Heritage Foods Limited (commonly known as Heritage Foods) is one of the largest private sector dairy enterprises in Southern India.

History 
The Heritage Group was founded in 1992 by Telugu Desam Party Chief and former Chief Minister of Andhra Pradesh Shri Nara Chandrababu Naidu, with three-business divisions viz., Dairy, Retail and Agri under its flagship Company Heritage Foods Limited (HFL), one infrastructure subsidiary - Heritage Infra Developers Limited and other associate Companies viz., Heritage Finlease Limited, Heritage International Limited and Heritage Agro Marine Private Limited. The annual turnover has crossed $200 million USD during FY 2008'09.

Heritage’s milk products have market presence in Andhra Pradesh, Karnataka, Kerala, Tamil Nadu, Maharashtra, Delhi, Rajasthan and Punjab. It has retail stores across Bengaluru, Chennai, Hyderabad and Visakhapatnam. Integrated agri operations are in Chittoor and Medak Districts and these are backbone to retail operations.

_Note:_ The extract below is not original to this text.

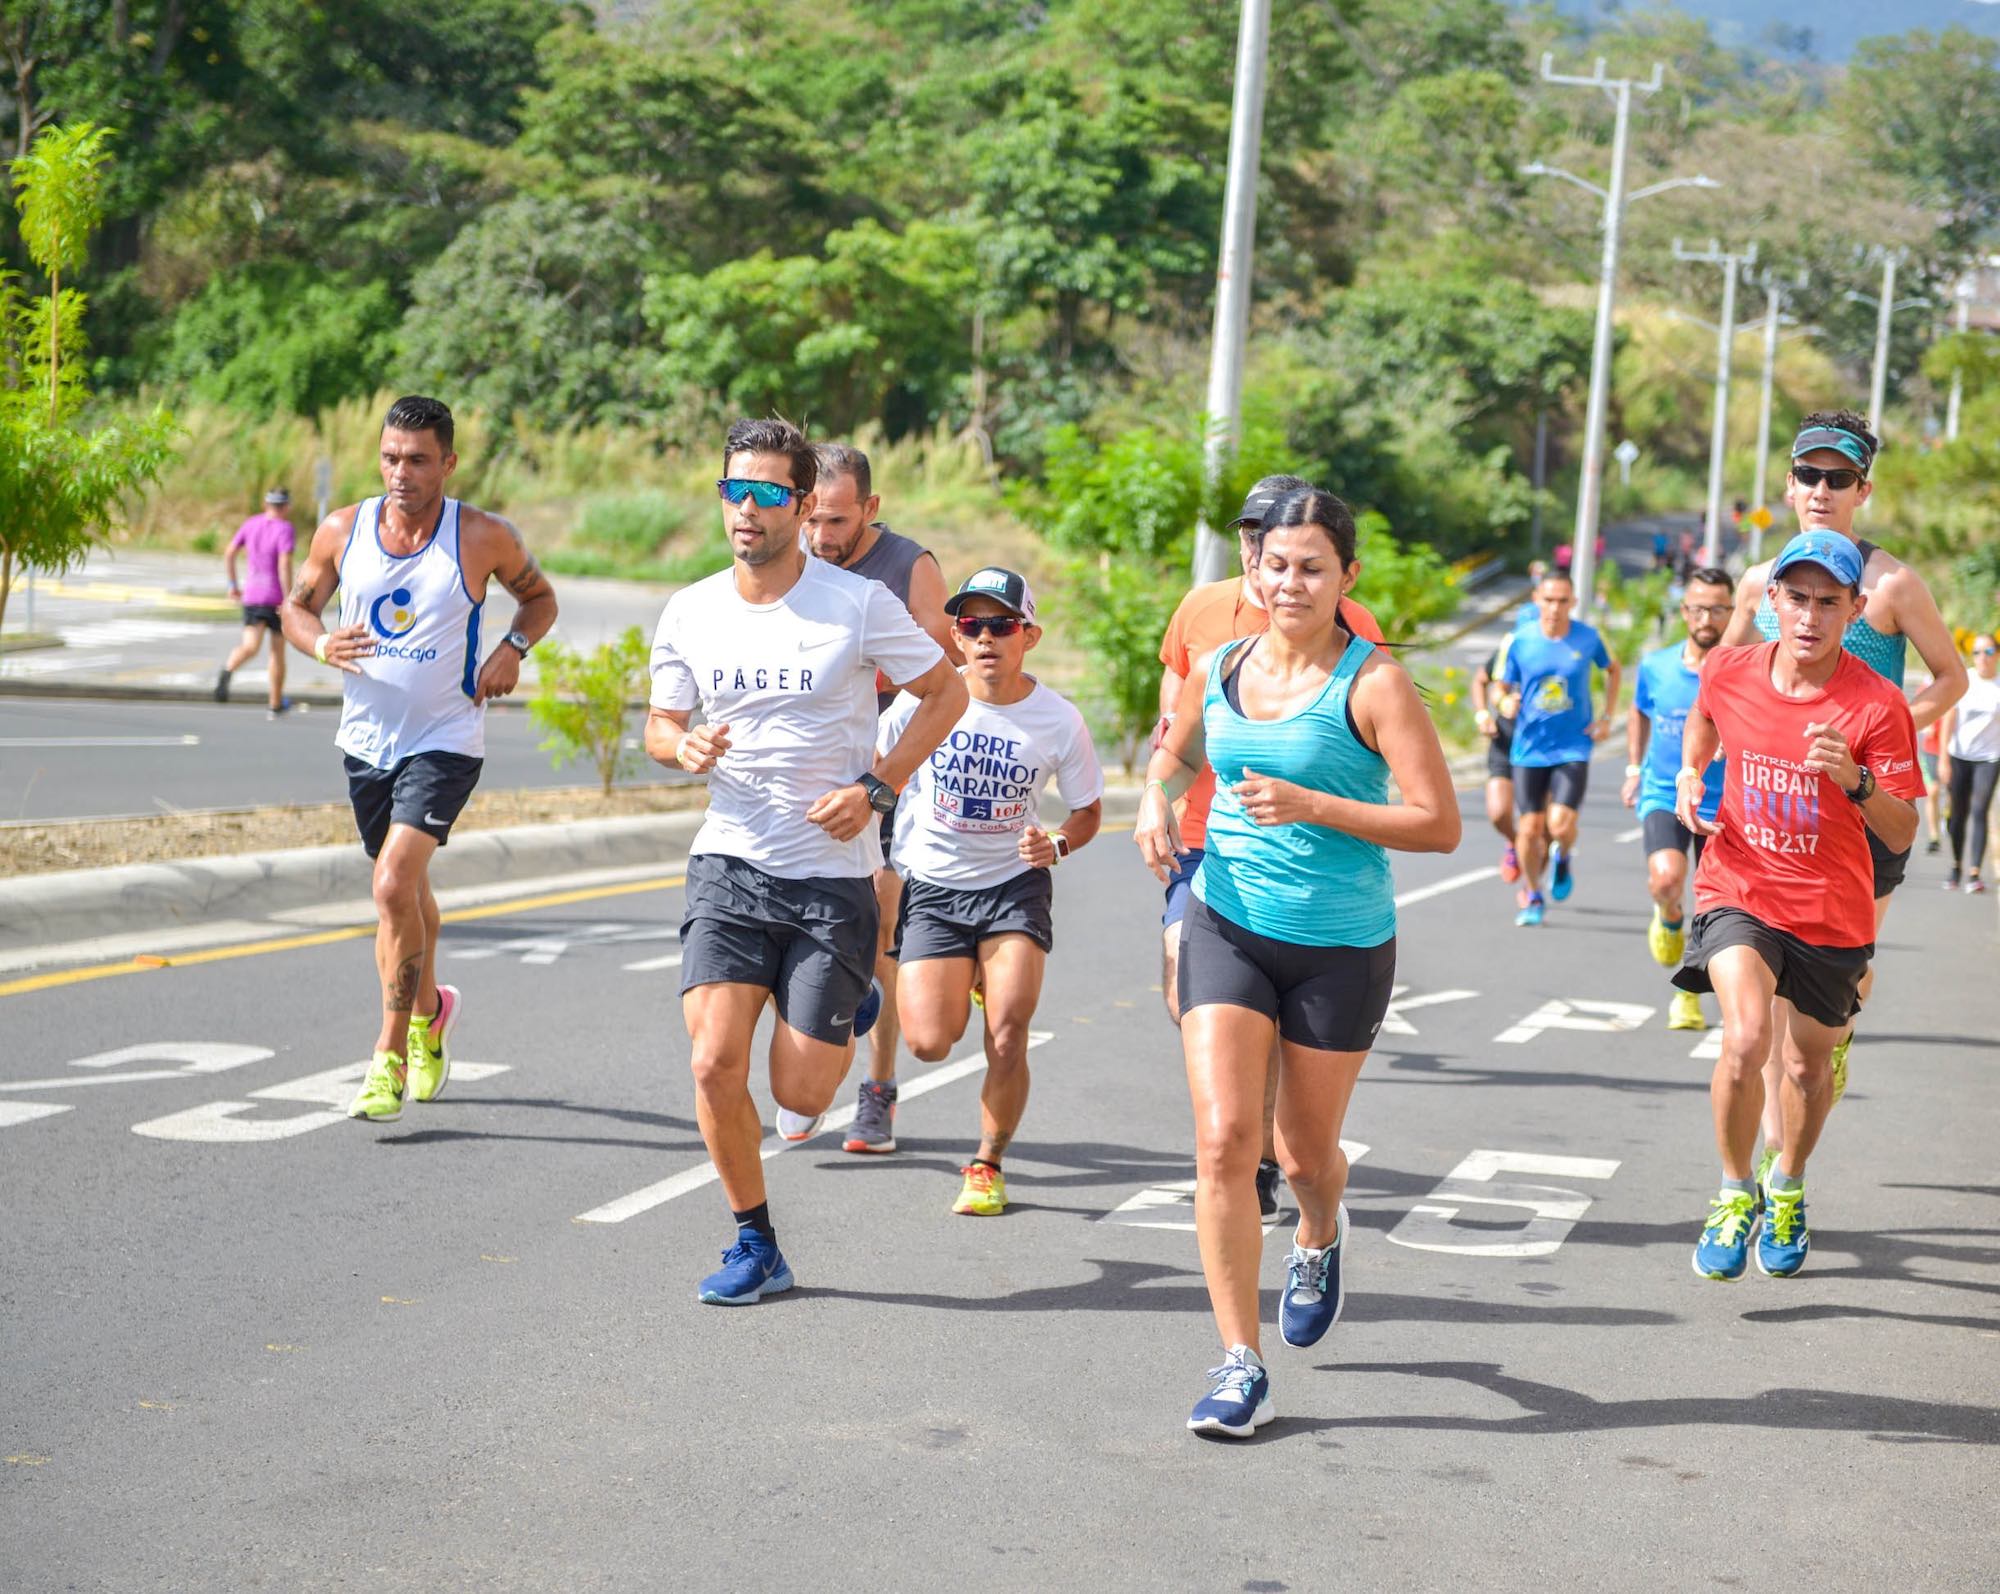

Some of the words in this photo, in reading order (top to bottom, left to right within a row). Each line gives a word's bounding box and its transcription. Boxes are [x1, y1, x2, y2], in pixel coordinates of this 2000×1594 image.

[930, 750, 1039, 784] CAMINOS
[1742, 760, 1819, 797] URBAN
[995, 803, 1022, 818] 10K
[1743, 785, 1819, 835] RUN

In the year 1994, HFL went to Public Issue to raise resources, which was oversubscribed 54 times and its shares are listed on BSE (Stock Code: 519552) and NSE (Stock Code: HERITGFOOD).

Heritage Foods has its headquarters in Hyderabad, India.

The Dairy Brand - Heritage 
Heritage by choosing Chittoor district of Andhra Pradesh as its primary procurement base of milk, had taken full advantage of the large, high yielding and cross-bred cow population found in the area.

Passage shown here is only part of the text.